Collected data:
- - -
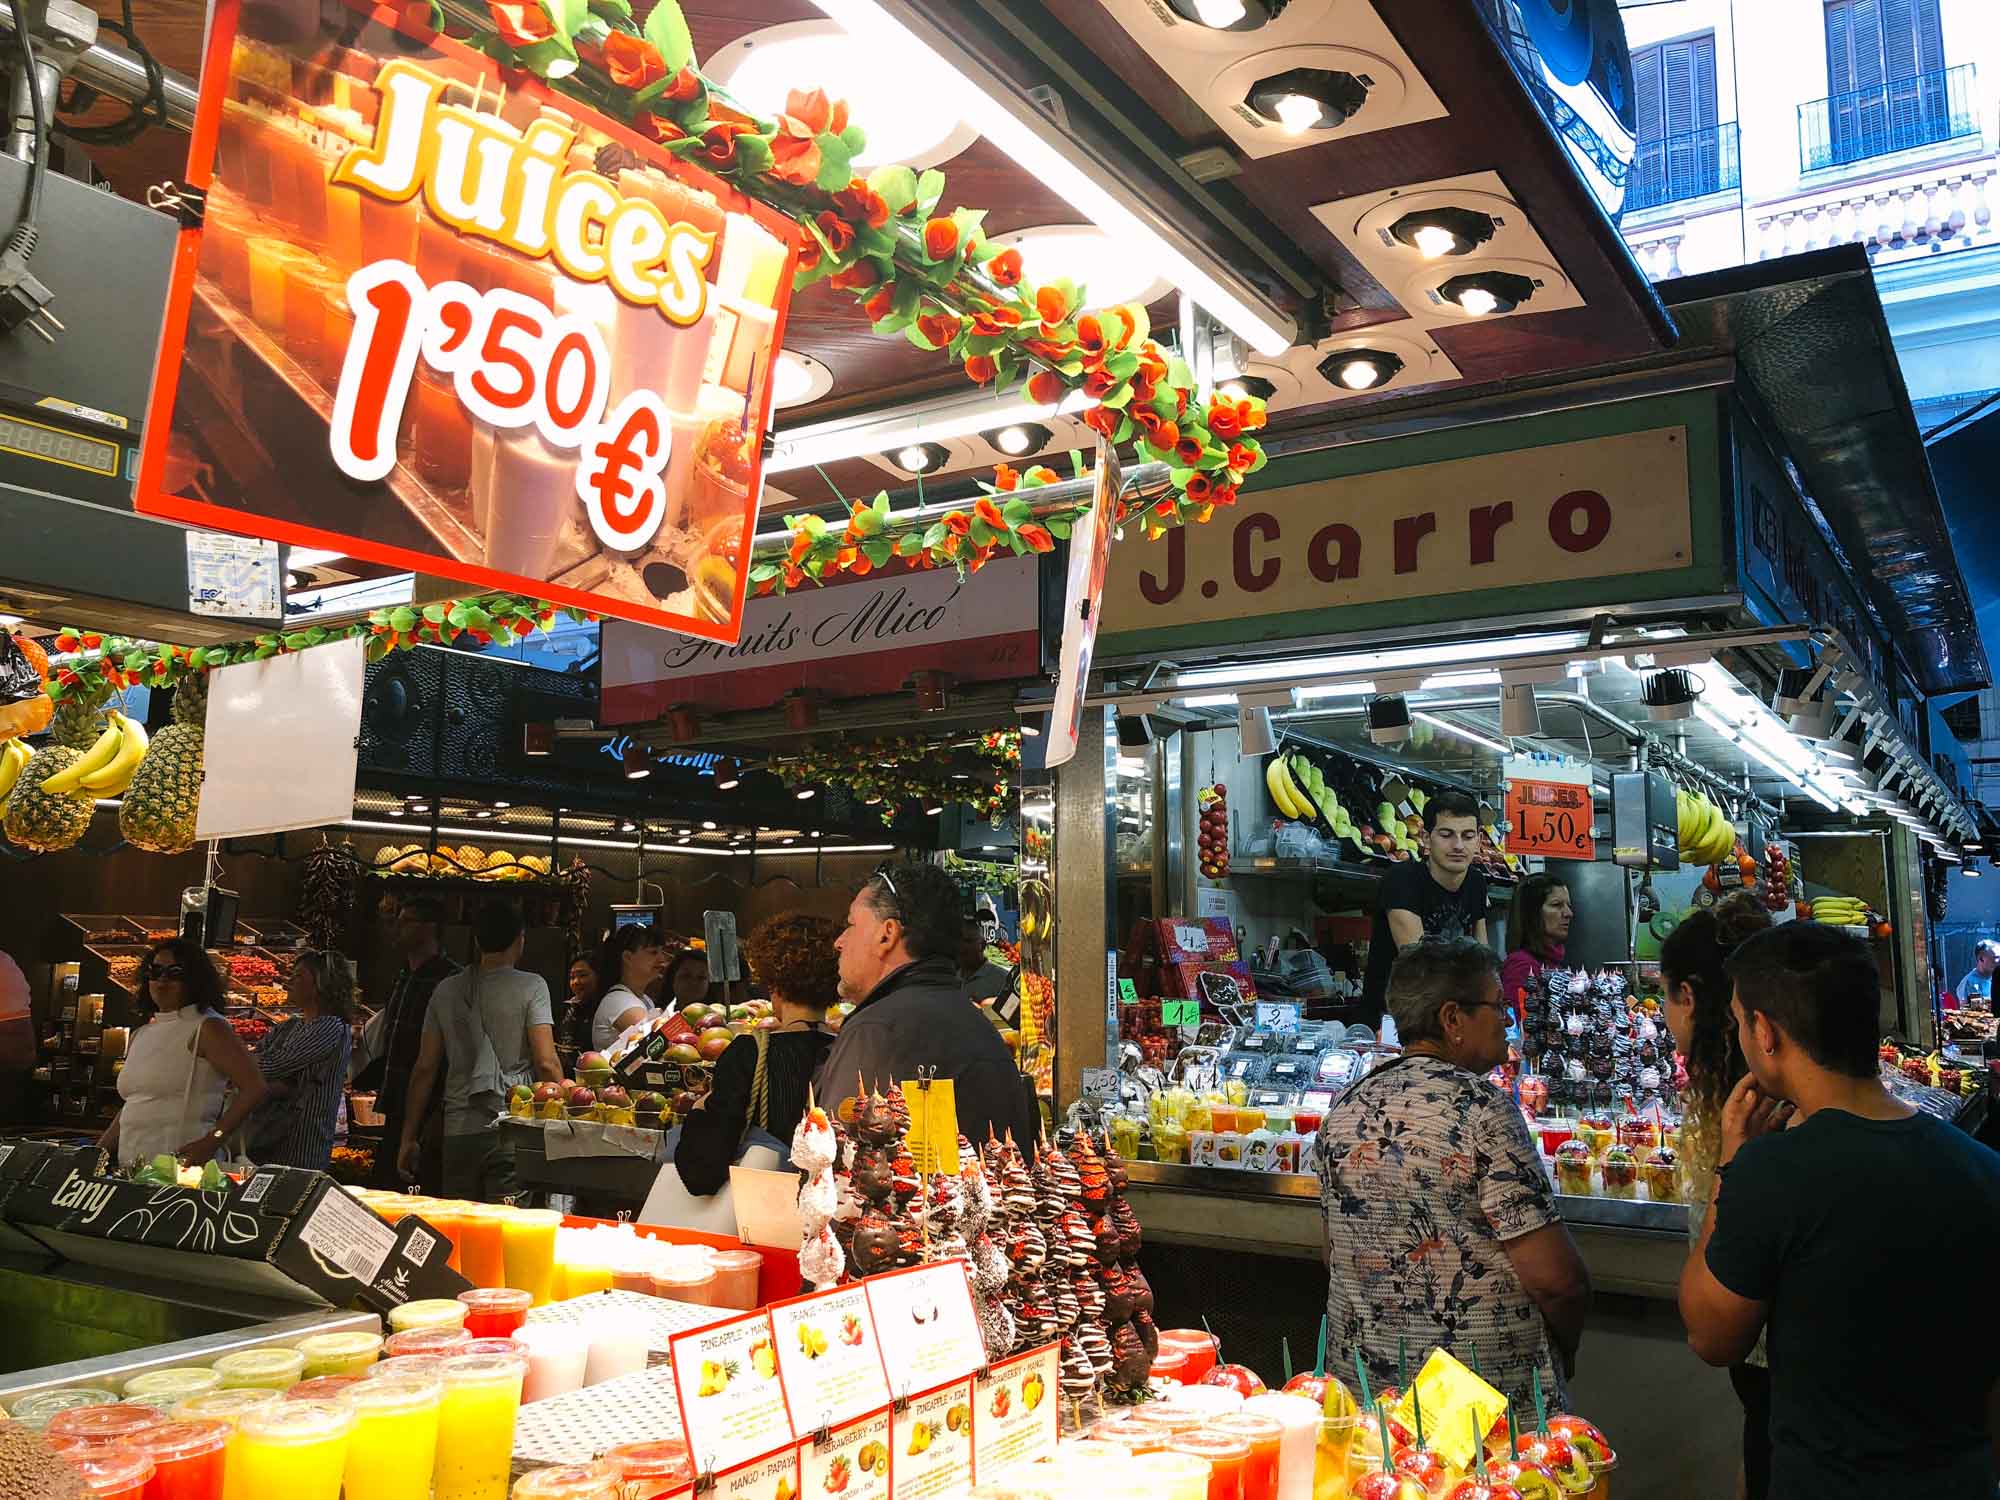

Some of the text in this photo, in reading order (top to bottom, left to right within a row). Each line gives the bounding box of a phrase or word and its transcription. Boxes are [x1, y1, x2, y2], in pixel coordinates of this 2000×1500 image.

[335, 62, 716, 324] Juices
[811, 585, 962, 647] Micó
[51, 1168, 118, 1224] tany
[700, 1328, 742, 1352] PINEAPPLE
[823, 1427, 869, 1454] STRAWBERRY
[730, 1455, 797, 1492] MANGO PAPAYA
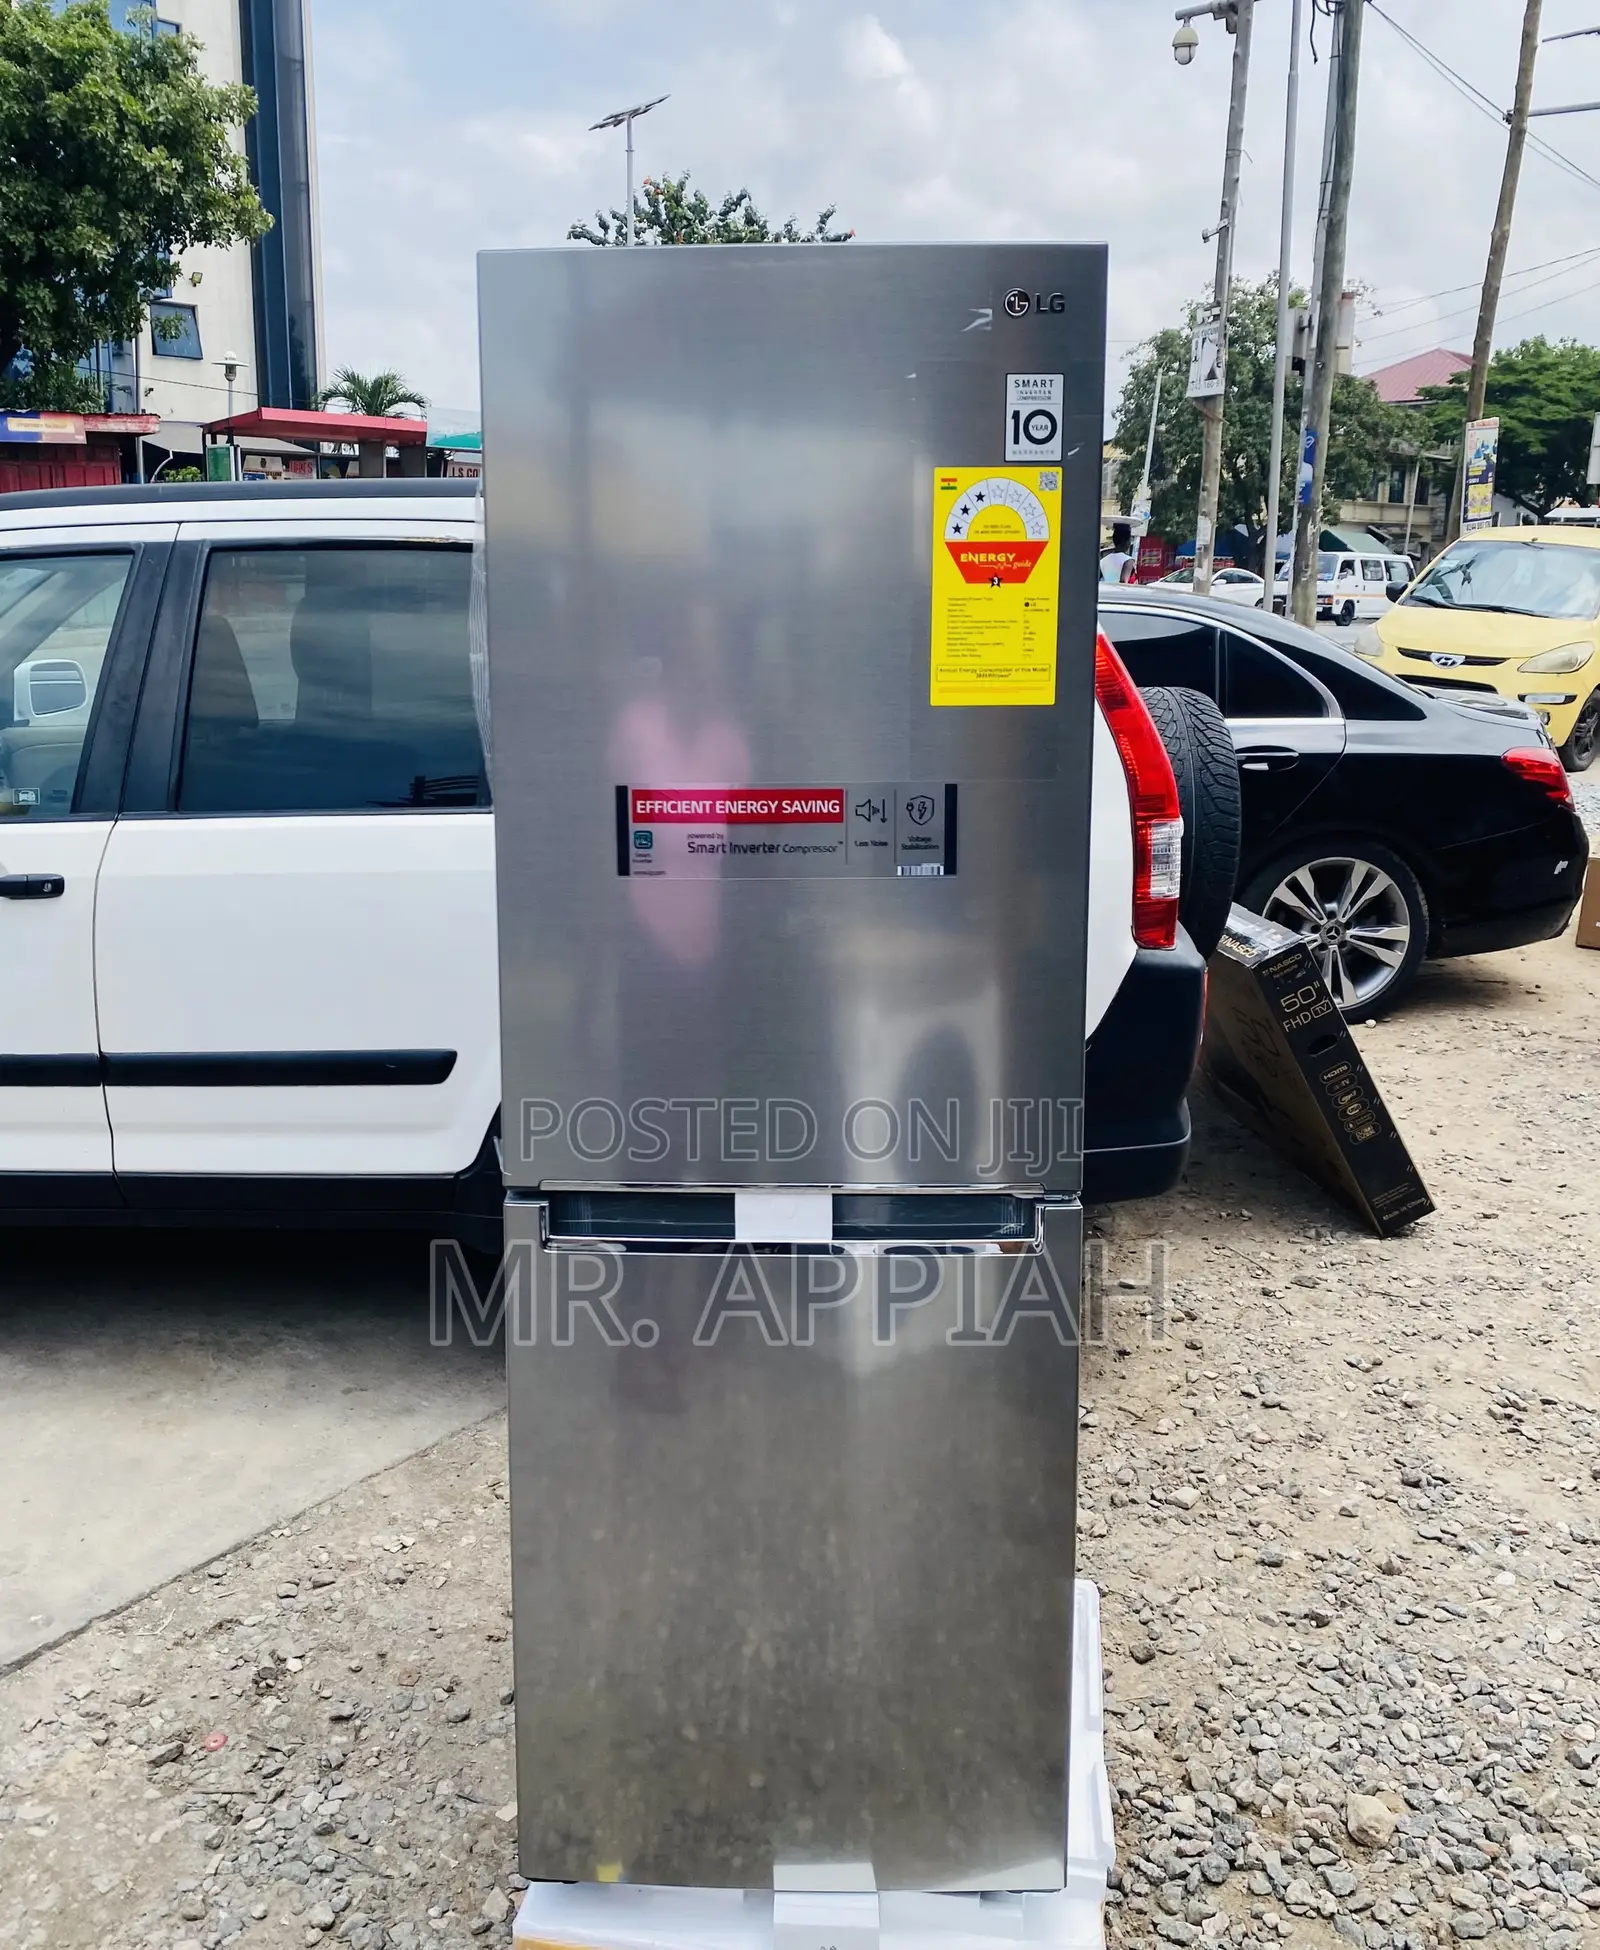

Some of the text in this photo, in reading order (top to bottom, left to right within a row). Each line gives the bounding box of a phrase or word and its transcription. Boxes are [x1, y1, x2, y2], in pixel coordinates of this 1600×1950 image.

[1035, 293, 1066, 314] LG
[1014, 379, 1055, 389] SMART
[1011, 408, 1058, 446] 10
[1031, 424, 1049, 432] YEAR
[960, 552, 1016, 565] ENERGY
[636, 799, 840, 815] EFFICIENT ENERGY SAVING
[687, 832, 724, 840] powered by
[907, 836, 932, 844] Voltage
[687, 841, 727, 854] Smart
[729, 841, 782, 854] Inverter
[1225, 937, 1258, 959] NASCO
[1269, 953, 1303, 974] NASCO
[1280, 980, 1321, 1013] 50"
[1282, 1011, 1312, 1033] FHD
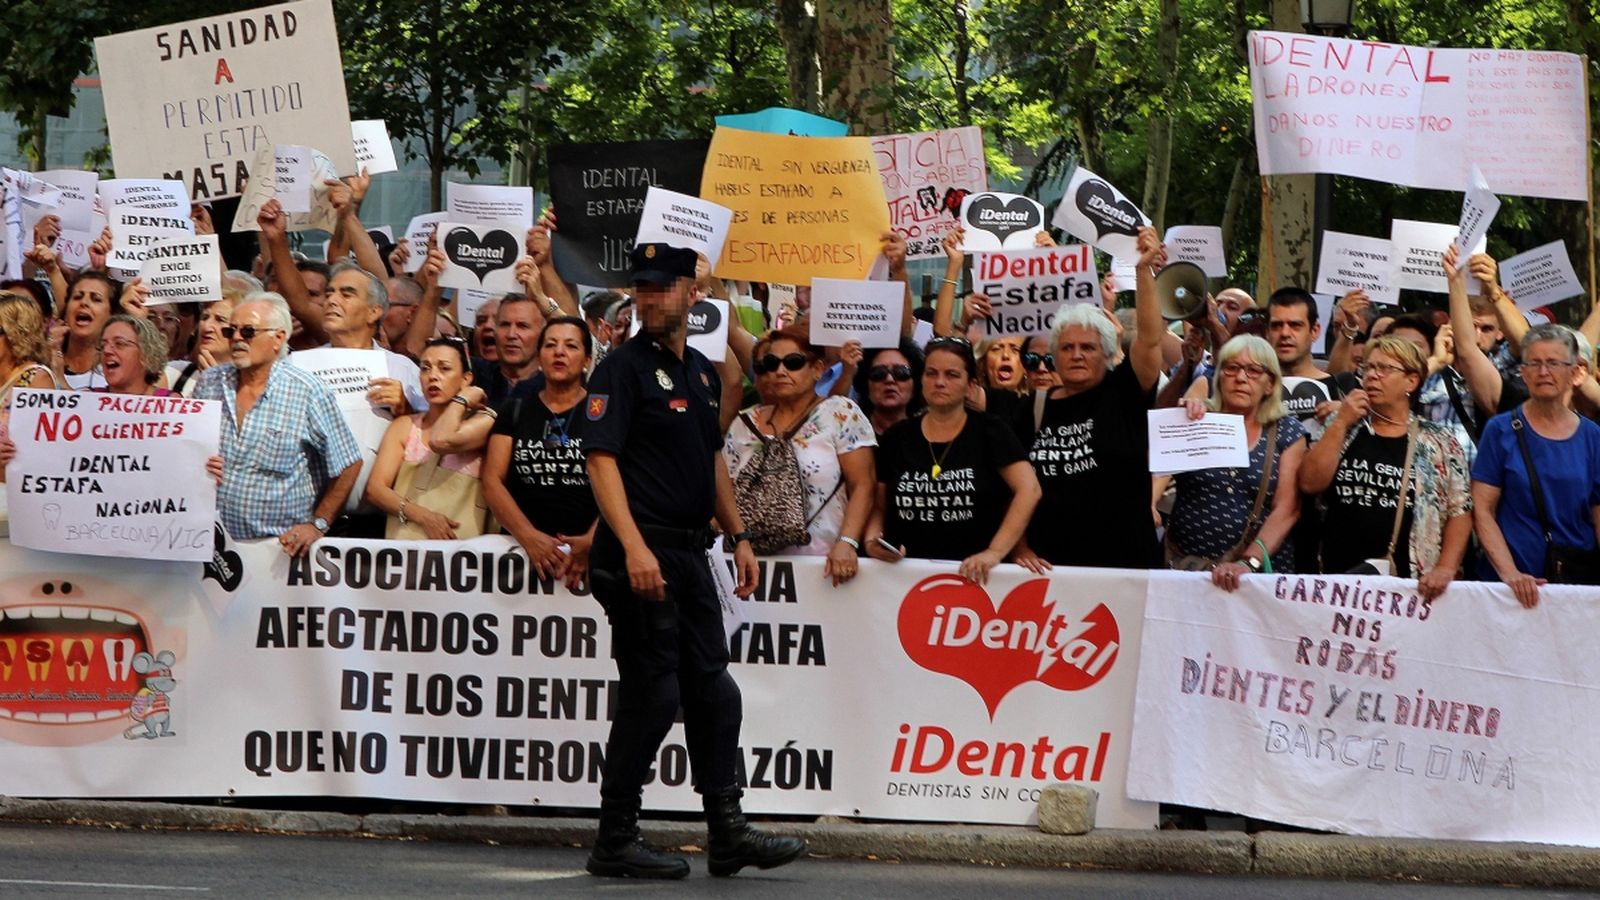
- - -
What this task involves: Without any pictures, return the entries exactly as given.

Exercise response:
Some of the text in this photo, in reading order (top to bottom, left to right within a row). Each line gives the bounding box of a phrase or word and its transcription. Boxes are [x1, y1, x2, y2], in pixel coordinates of this 2000×1500 image.

[335, 62, 716, 324] Juices
[811, 585, 962, 647] Micó
[51, 1168, 118, 1224] tany
[700, 1328, 742, 1352] PINEAPPLE
[823, 1427, 869, 1454] STRAWBERRY
[730, 1455, 797, 1492] MANGO PAPAYA

Some of the text in this photo, in reading order (top to bottom, left to right within a row). Each line gives the bounding box of a phrase or word and its transcription. Boxes are [x1, y1, x2, y2], in pixel coordinates of this 1600×1950 image.

[1035, 293, 1066, 314] LG
[1014, 379, 1055, 389] SMART
[1011, 408, 1058, 446] 10
[1031, 424, 1049, 432] YEAR
[960, 552, 1016, 565] ENERGY
[636, 799, 840, 815] EFFICIENT ENERGY SAVING
[687, 832, 724, 840] powered by
[907, 836, 932, 844] Voltage
[687, 841, 727, 854] Smart
[729, 841, 782, 854] Inverter
[1225, 937, 1258, 959] NASCO
[1269, 953, 1303, 974] NASCO
[1280, 980, 1321, 1013] 50"
[1282, 1011, 1312, 1033] FHD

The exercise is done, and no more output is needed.